Staal and Kropholler dissolved their partnership in 1910, after which time Staal began to move closer to the design currents of the Amsterdam School, which would coalesce in the Netherlands while the country remained neutral during World War I. His first realizations in this vein were the villa in the Park Meerwijk in Bergen (1917–18); the central flower markets in Aalsmeer; a 12-story "skyscraper" in Amsterdam; the Dutch pavilion at the 1925 International Exhibition of Modern Decorative and Industrial Arts in Paris (the 1925 exposition which later gave us the name "Art Deco"); the new headquarters of the newspaper De Telegraaf on the Nieuwezijds Voorburgwal in Amsterdam (with G.J. Langhout); the Koopmansbeurs in Rotterdam; and various homes in the Amsterdam Rivierenbuurt (River District). In 1920 he also entered the competition for an opera house on the Museumplein in Amsterdam, which he won, but his plan of the opera house was never built. Later he would reuse the motifs from this project on the Aalsmeer flower market and the Telegraaf building.

Towards the end of his career Staal eventually evolved into a disciple of the Neue Sachlichkeit (New Objectivity, or the International Style), a development that can be seen in his housing blocks constructed in the Apollolaan, Beethovenstraat, Corellistraat and Bachstraat sections of Amsterdam.
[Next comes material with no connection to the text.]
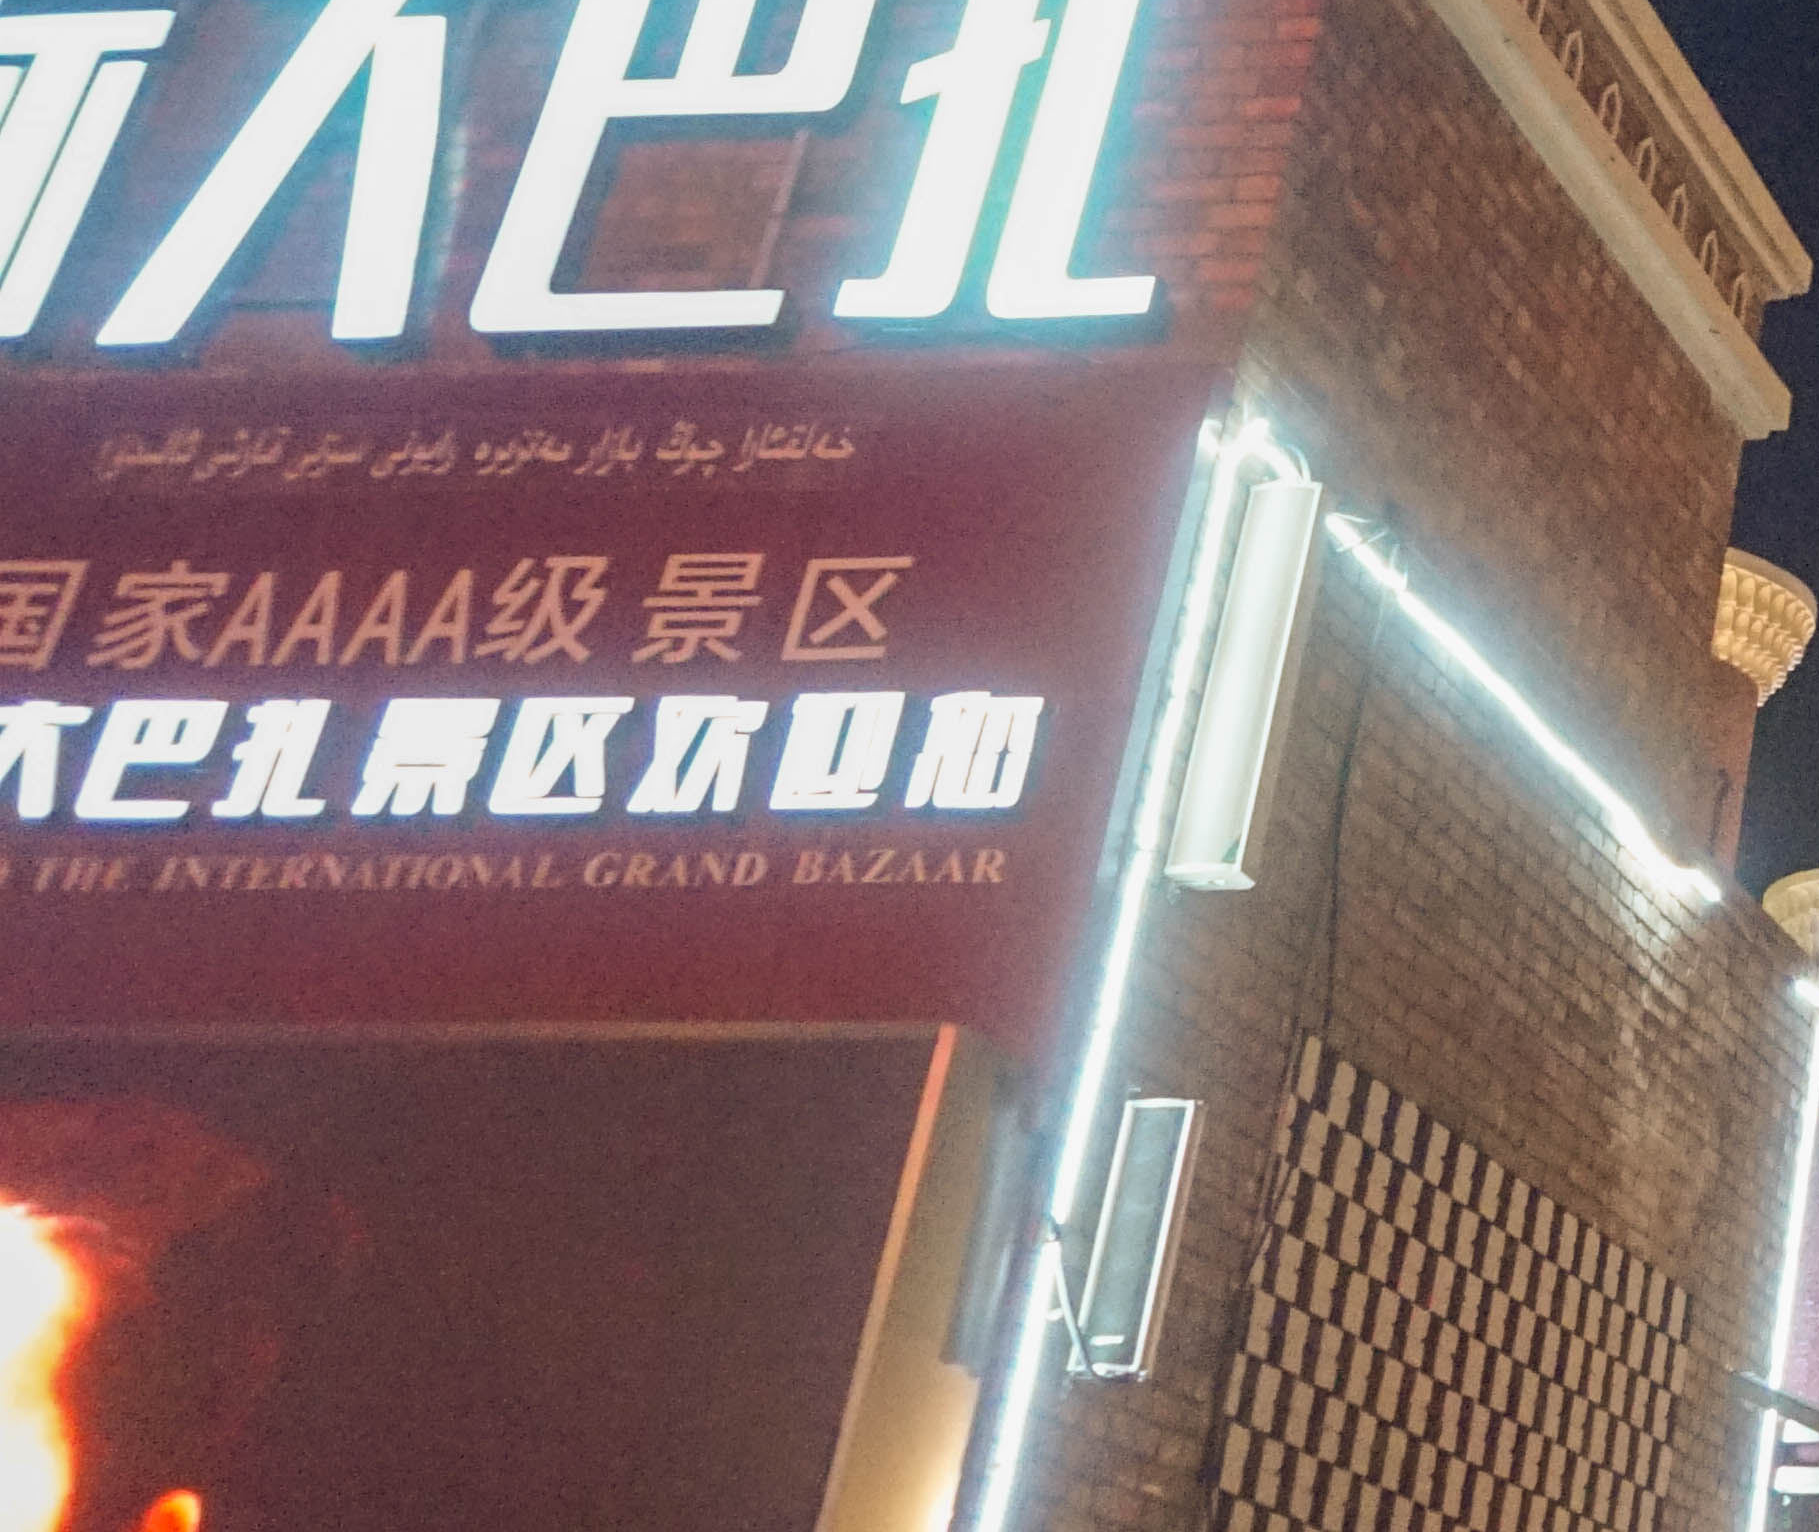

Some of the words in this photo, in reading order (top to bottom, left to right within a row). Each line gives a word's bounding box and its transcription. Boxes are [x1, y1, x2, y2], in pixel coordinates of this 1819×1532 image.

[33, 856, 130, 893] THE
[151, 853, 562, 892] INTERNATIONAL
[583, 851, 768, 888] GRAND
[792, 848, 1007, 885] BAZAAR
His buildings on the Apollolaan/Beethovenstraat are particularly characteristic of his turn towards the New Objectivity with their large, tight bay windows, as are the single-family houses he designed on the even-numbered side of the Corellistraat. They contrast markedly with the earlier residential structures he built on the JM Coenenstraat.
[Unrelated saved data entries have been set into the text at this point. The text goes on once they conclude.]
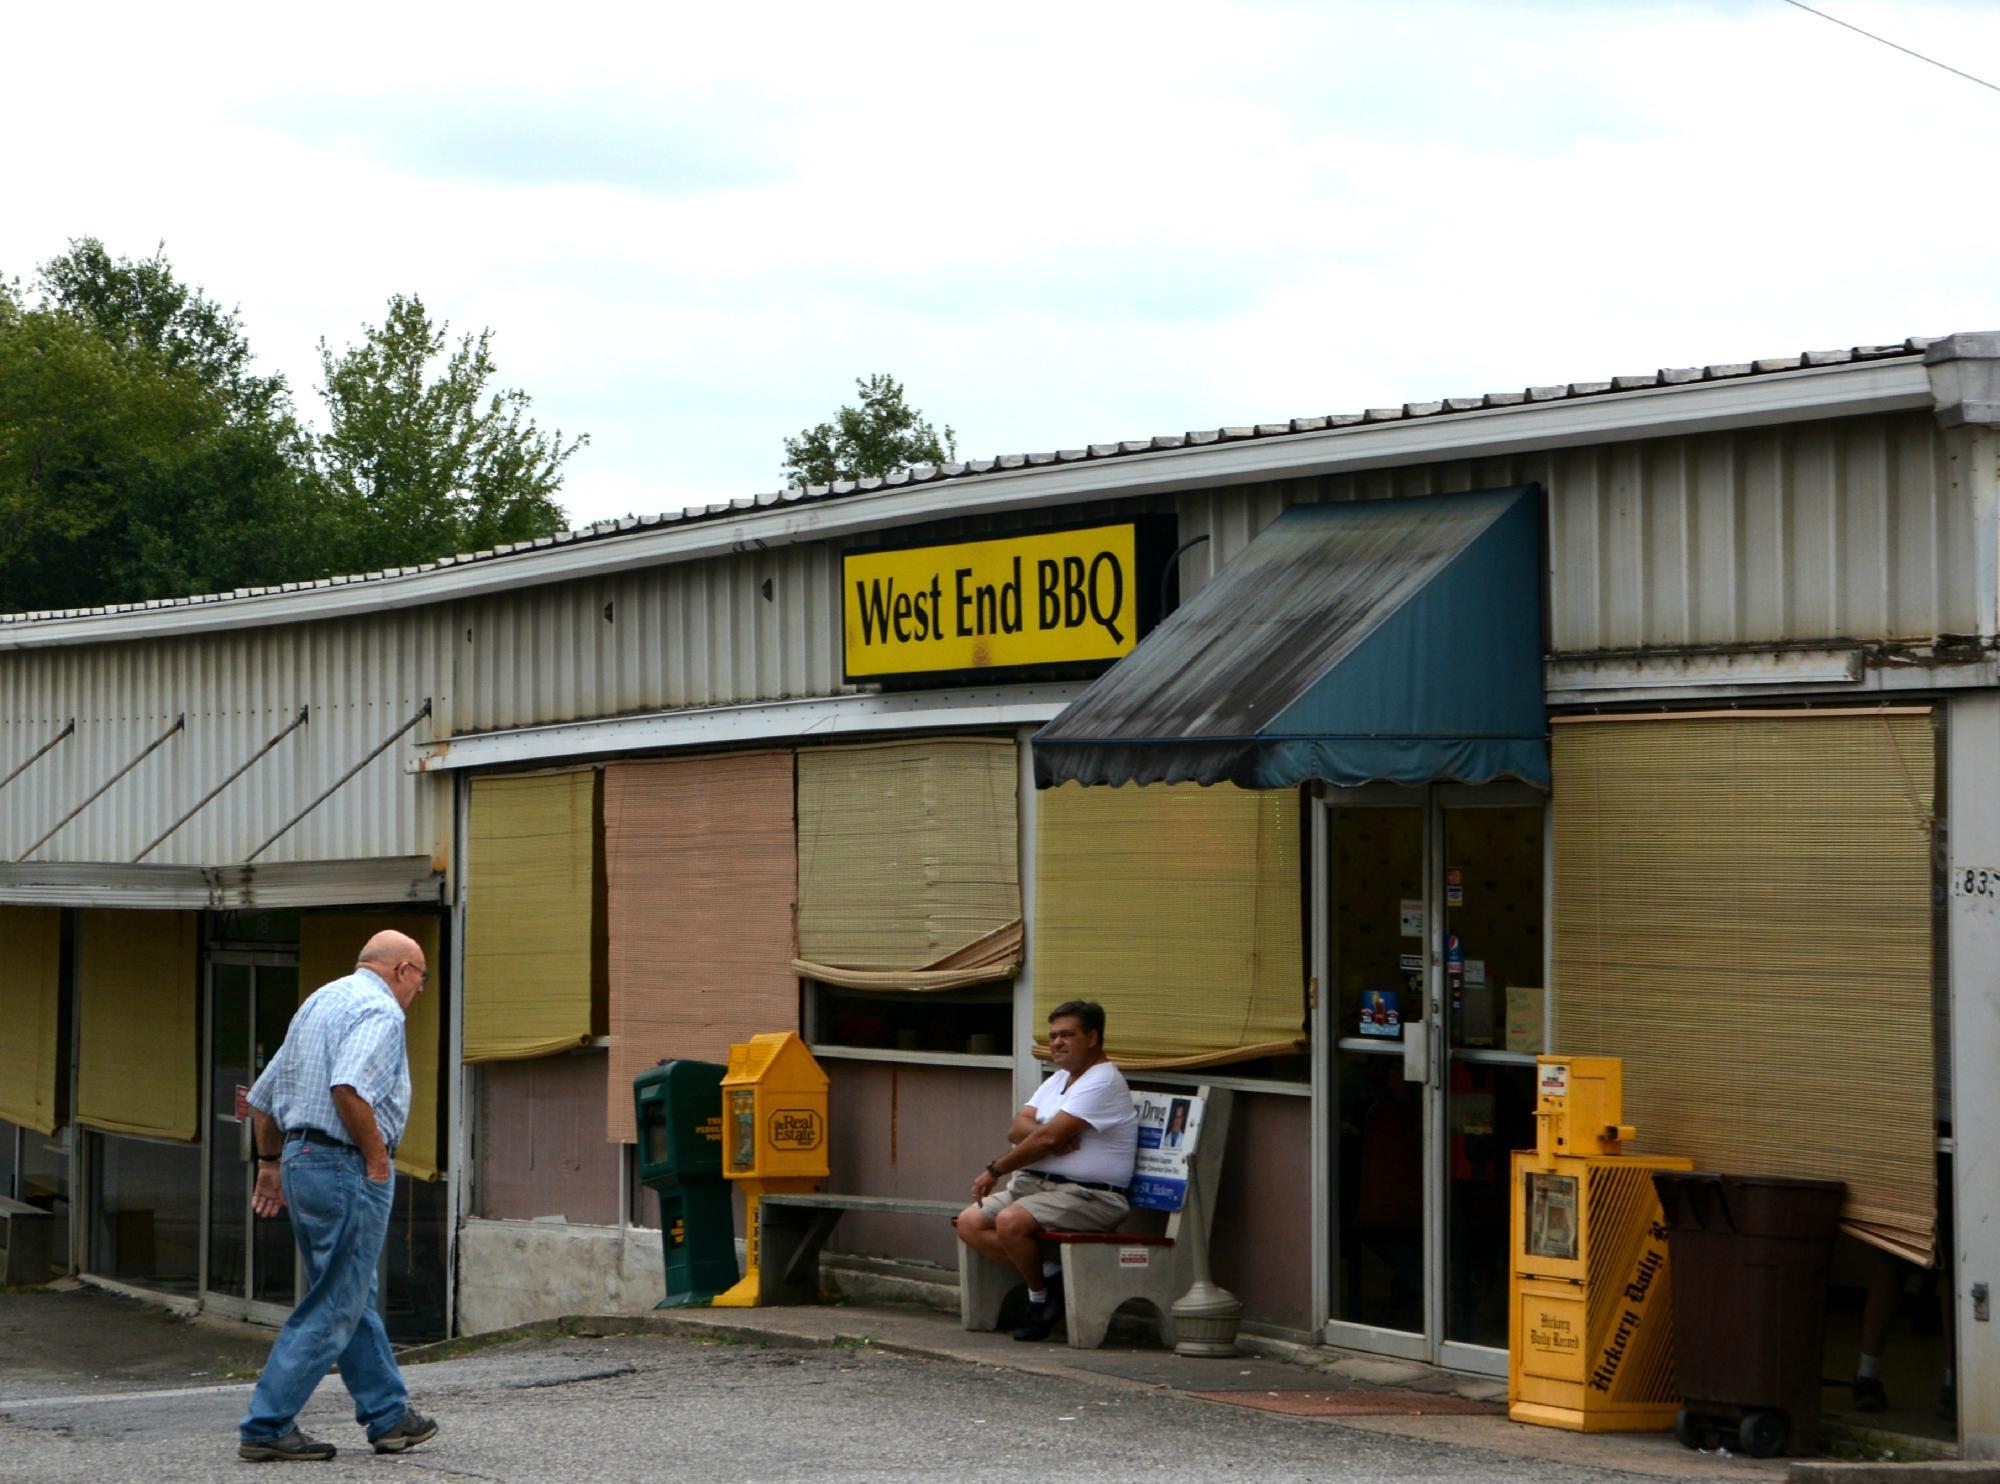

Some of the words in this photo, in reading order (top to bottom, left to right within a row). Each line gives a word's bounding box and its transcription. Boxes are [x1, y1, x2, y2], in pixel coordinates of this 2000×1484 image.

[856, 572, 944, 646] West
[955, 556, 1023, 638] End
[1038, 551, 1124, 646] BBQ
[784, 1114, 813, 1129] Real
[1141, 1100, 1167, 1126] Drug
[775, 1127, 816, 1142] Estate
[1540, 1313, 1570, 1334] Hickory
[1589, 1309, 1640, 1395] Hickory
[1623, 1249, 1663, 1304] Daily
[1530, 1329, 1552, 1349] Daily
[1553, 1331, 1579, 1349] Record
Staal became an important figure in the history of Dutch modern architecture. For a number of years he served as a board member of the Dutch professional society of architects Architecture et Amicitia, which from 1914 onwards held its meetings in a bank building on the Herengracht in Amsterdam that Staal had designed. From 1920 to 1930 he also served on the editorial staff of the Dutch design magazine Wendingen. His career flourished as a result of these contacts, including the major figures in the Amsterdam School, such as Hendrik T. Wijdeveld, Michel de Klerk, and Piet Kramer.

The first monograph on Staal, Jan Frederik Staal (1879–1940) – The Will of the Building and the Will of the Time, appeared in 2015, authored by Hans Willem Bakx and published by the Bonas Foundation.
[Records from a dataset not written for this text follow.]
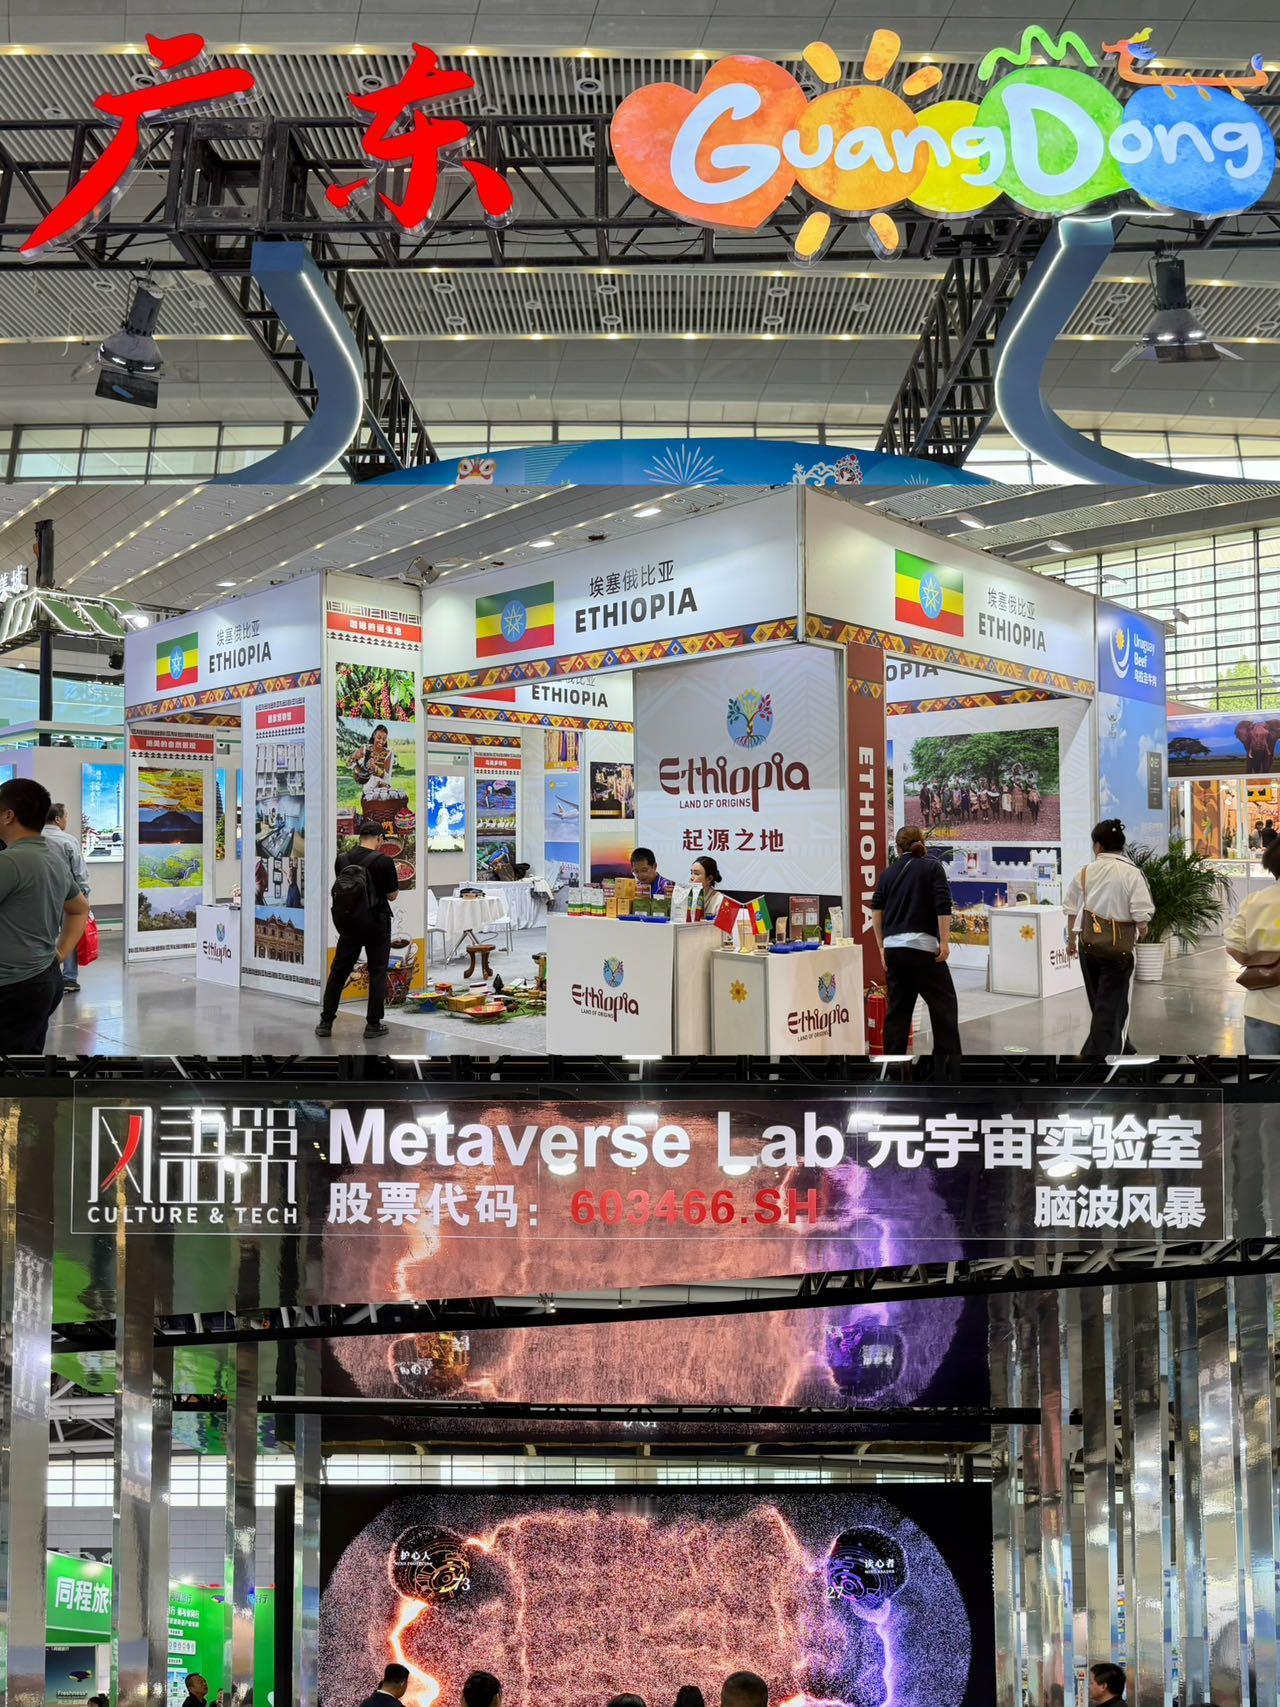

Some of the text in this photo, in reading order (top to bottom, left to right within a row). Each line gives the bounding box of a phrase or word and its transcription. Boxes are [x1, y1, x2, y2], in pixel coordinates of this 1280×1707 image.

[20, 33, 514, 254] 广东
[670, 82, 1263, 204] GuangDong
[588, 559, 675, 598] 埃塞俄比亚
[575, 587, 698, 633] ETHIOPIA
[987, 586, 1036, 620] 埃塞俄比亚
[216, 619, 261, 647] 埃塞俄比亚
[978, 612, 1046, 652] ETHIOPIA
[1133, 632, 1155, 657] Uruguay
[209, 641, 272, 673] ETHIOPIA
[1133, 651, 1148, 668] Beef
[532, 684, 609, 708] ETHIOPIA
[659, 751, 812, 813] Ethiopia
[679, 798, 751, 809] LAND OF ORIGINS
[682, 828, 785, 852] 起源之地
[858, 746, 876, 934] ETHIOPIA
[571, 984, 639, 1022] Ethiopia
[787, 1004, 850, 1037] Ethiopia
[328, 1108, 1203, 1169] Metaverse Lab 元宇宙实验室
[87, 1206, 298, 1224] CULTURE & TECH
[570, 1188, 818, 1226] 603466.SH
[1033, 1184, 1206, 1229] 脑波风暴
[864, 1558, 895, 1569] 读心者
[55, 1576, 112, 1614] 同程旅
[827, 1586, 844, 1599] 27
==Politics and personal life==
Staal was a lifelong socialist, and even joined the Communist Party in the Netherlands.

From 1936 until his death he was married to the architect and designer Margaret Staal-Kropholler (1891–1966), with whom he had a relationship for much longer and who was initially his assistant. She was the sister of Staal's former partner Alexander Kropholler. They are buried in the New Eastern Cemetery in Amsterdam.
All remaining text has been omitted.